§ What this task involves: With nothing added and nothing dropped, copy the entire listing.

——————————

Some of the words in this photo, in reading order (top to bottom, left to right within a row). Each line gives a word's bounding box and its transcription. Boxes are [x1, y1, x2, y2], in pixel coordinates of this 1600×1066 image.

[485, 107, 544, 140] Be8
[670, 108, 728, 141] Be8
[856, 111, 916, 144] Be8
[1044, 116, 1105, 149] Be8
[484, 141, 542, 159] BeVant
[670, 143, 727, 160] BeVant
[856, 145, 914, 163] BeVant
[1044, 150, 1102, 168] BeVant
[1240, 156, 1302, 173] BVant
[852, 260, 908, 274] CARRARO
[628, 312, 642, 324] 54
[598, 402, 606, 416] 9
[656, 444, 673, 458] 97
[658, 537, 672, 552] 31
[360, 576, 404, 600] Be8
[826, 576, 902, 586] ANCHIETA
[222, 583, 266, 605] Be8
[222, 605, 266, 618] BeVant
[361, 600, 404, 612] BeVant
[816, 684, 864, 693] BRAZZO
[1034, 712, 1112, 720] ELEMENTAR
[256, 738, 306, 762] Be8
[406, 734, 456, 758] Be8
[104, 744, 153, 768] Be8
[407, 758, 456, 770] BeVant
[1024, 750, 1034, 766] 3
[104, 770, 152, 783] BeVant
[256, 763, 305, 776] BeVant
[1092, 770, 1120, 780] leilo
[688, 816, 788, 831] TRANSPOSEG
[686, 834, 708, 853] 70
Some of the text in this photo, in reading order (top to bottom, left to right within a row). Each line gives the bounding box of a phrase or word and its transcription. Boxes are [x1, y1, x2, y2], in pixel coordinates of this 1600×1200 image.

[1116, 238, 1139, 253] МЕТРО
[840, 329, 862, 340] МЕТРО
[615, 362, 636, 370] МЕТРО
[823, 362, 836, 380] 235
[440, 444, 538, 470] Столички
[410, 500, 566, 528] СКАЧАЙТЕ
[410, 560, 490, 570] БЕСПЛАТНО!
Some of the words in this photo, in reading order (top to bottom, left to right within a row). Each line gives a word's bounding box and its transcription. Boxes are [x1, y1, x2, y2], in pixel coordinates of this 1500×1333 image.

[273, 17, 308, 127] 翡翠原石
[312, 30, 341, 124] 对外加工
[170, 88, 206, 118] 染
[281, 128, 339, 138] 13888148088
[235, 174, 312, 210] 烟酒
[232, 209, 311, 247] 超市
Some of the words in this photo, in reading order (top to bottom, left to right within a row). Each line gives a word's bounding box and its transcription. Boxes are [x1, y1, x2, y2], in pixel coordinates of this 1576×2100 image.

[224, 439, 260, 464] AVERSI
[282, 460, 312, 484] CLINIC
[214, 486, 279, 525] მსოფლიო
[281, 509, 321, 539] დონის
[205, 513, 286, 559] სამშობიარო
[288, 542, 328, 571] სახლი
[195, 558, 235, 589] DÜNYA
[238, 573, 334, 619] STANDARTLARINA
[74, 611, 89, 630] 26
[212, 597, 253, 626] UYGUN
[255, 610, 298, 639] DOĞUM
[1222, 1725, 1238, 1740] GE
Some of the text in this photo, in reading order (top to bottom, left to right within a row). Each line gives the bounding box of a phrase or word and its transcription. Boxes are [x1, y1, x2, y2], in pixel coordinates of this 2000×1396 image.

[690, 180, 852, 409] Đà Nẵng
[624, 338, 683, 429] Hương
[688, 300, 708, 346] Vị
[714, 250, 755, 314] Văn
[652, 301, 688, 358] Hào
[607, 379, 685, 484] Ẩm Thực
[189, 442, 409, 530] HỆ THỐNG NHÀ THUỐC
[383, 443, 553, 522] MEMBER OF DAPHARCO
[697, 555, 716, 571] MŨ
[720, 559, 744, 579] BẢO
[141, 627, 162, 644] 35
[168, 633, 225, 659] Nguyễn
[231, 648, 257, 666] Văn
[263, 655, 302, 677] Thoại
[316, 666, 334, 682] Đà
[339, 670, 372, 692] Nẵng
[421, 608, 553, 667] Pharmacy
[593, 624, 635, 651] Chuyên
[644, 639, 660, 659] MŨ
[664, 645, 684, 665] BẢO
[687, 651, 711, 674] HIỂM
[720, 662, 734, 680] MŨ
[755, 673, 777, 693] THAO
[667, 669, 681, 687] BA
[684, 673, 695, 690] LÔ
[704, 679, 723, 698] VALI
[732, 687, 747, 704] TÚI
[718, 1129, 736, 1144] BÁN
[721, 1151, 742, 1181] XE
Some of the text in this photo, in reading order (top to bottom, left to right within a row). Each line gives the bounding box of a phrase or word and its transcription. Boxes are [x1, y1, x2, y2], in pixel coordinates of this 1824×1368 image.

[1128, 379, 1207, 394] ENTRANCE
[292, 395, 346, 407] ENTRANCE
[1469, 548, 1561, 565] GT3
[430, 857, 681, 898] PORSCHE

——————————

§ Exercise output:
Some of the words in this photo, in reading order (top to bottom, left to right within a row). Each line gives a word's bounding box and its transcription. Boxes are [x1, y1, x2, y2], in pixel coordinates of this 1600×1066 image.

[485, 107, 544, 140] Be8
[670, 108, 728, 141] Be8
[856, 111, 916, 144] Be8
[1044, 116, 1105, 149] Be8
[484, 141, 542, 159] BeVant
[670, 143, 727, 160] BeVant
[856, 145, 914, 163] BeVant
[1044, 150, 1102, 168] BeVant
[1240, 156, 1302, 173] BVant
[852, 260, 908, 274] CARRARO
[628, 312, 642, 324] 54
[598, 402, 606, 416] 9
[656, 444, 673, 458] 97
[658, 537, 672, 552] 31
[360, 576, 404, 600] Be8
[826, 576, 902, 586] ANCHIETA
[222, 583, 266, 605] Be8
[222, 605, 266, 618] BeVant
[361, 600, 404, 612] BeVant
[816, 684, 864, 693] BRAZZO
[1034, 712, 1112, 720] ELEMENTAR
[256, 738, 306, 762] Be8
[406, 734, 456, 758] Be8
[104, 744, 153, 768] Be8
[407, 758, 456, 770] BeVant
[1024, 750, 1034, 766] 3
[104, 770, 152, 783] BeVant
[256, 763, 305, 776] BeVant
[1092, 770, 1120, 780] leilo
[688, 816, 788, 831] TRANSPOSEG
[686, 834, 708, 853] 70
Some of the text in this photo, in reading order (top to bottom, left to right within a row). Each line gives the bounding box of a phrase or word and its transcription. Boxes are [x1, y1, x2, y2], in pixel coordinates of this 1600×1200 image.

[1116, 238, 1139, 253] МЕТРО
[840, 329, 862, 340] МЕТРО
[615, 362, 636, 370] МЕТРО
[823, 362, 836, 380] 235
[440, 444, 538, 470] Столички
[410, 500, 566, 528] СКАЧАЙТЕ
[410, 560, 490, 570] БЕСПЛАТНО!
Some of the words in this photo, in reading order (top to bottom, left to right within a row). Each line gives a word's bounding box and its transcription. Boxes are [x1, y1, x2, y2], in pixel coordinates of this 1500×1333 image.

[273, 17, 308, 127] 翡翠原石
[312, 30, 341, 124] 对外加工
[170, 88, 206, 118] 染
[281, 128, 339, 138] 13888148088
[235, 174, 312, 210] 烟酒
[232, 209, 311, 247] 超市
Some of the words in this photo, in reading order (top to bottom, left to right within a row). Each line gives a word's bounding box and its transcription. Boxes are [x1, y1, x2, y2], in pixel coordinates of this 1576×2100 image.

[224, 439, 260, 464] AVERSI
[282, 460, 312, 484] CLINIC
[214, 486, 279, 525] მსოფლიო
[281, 509, 321, 539] დონის
[205, 513, 286, 559] სამშობიარო
[288, 542, 328, 571] სახლი
[195, 558, 235, 589] DÜNYA
[238, 573, 334, 619] STANDARTLARINA
[74, 611, 89, 630] 26
[212, 597, 253, 626] UYGUN
[255, 610, 298, 639] DOĞUM
[1222, 1725, 1238, 1740] GE
Some of the text in this photo, in reading order (top to bottom, left to right within a row). Each line gives the bounding box of a phrase or word and its transcription. Boxes are [x1, y1, x2, y2], in pixel coordinates of this 2000×1396 image.

[690, 180, 852, 409] Đà Nẵng
[624, 338, 683, 429] Hương
[688, 300, 708, 346] Vị
[714, 250, 755, 314] Văn
[652, 301, 688, 358] Hào
[607, 379, 685, 484] Ẩm Thực
[189, 442, 409, 530] HỆ THỐNG NHÀ THUỐC
[383, 443, 553, 522] MEMBER OF DAPHARCO
[697, 555, 716, 571] MŨ
[720, 559, 744, 579] BẢO
[141, 627, 162, 644] 35
[168, 633, 225, 659] Nguyễn
[231, 648, 257, 666] Văn
[263, 655, 302, 677] Thoại
[316, 666, 334, 682] Đà
[339, 670, 372, 692] Nẵng
[421, 608, 553, 667] Pharmacy
[593, 624, 635, 651] Chuyên
[644, 639, 660, 659] MŨ
[664, 645, 684, 665] BẢO
[687, 651, 711, 674] HIỂM
[720, 662, 734, 680] MŨ
[755, 673, 777, 693] THAO
[667, 669, 681, 687] BA
[684, 673, 695, 690] LÔ
[704, 679, 723, 698] VALI
[732, 687, 747, 704] TÚI
[718, 1129, 736, 1144] BÁN
[721, 1151, 742, 1181] XE
Some of the text in this photo, in reading order (top to bottom, left to right within a row). Each line gives the bounding box of a phrase or word and its transcription. Boxes are [x1, y1, x2, y2], in pixel coordinates of this 1824×1368 image.

[1128, 379, 1207, 394] ENTRANCE
[292, 395, 346, 407] ENTRANCE
[1469, 548, 1561, 565] GT3
[430, 857, 681, 898] PORSCHE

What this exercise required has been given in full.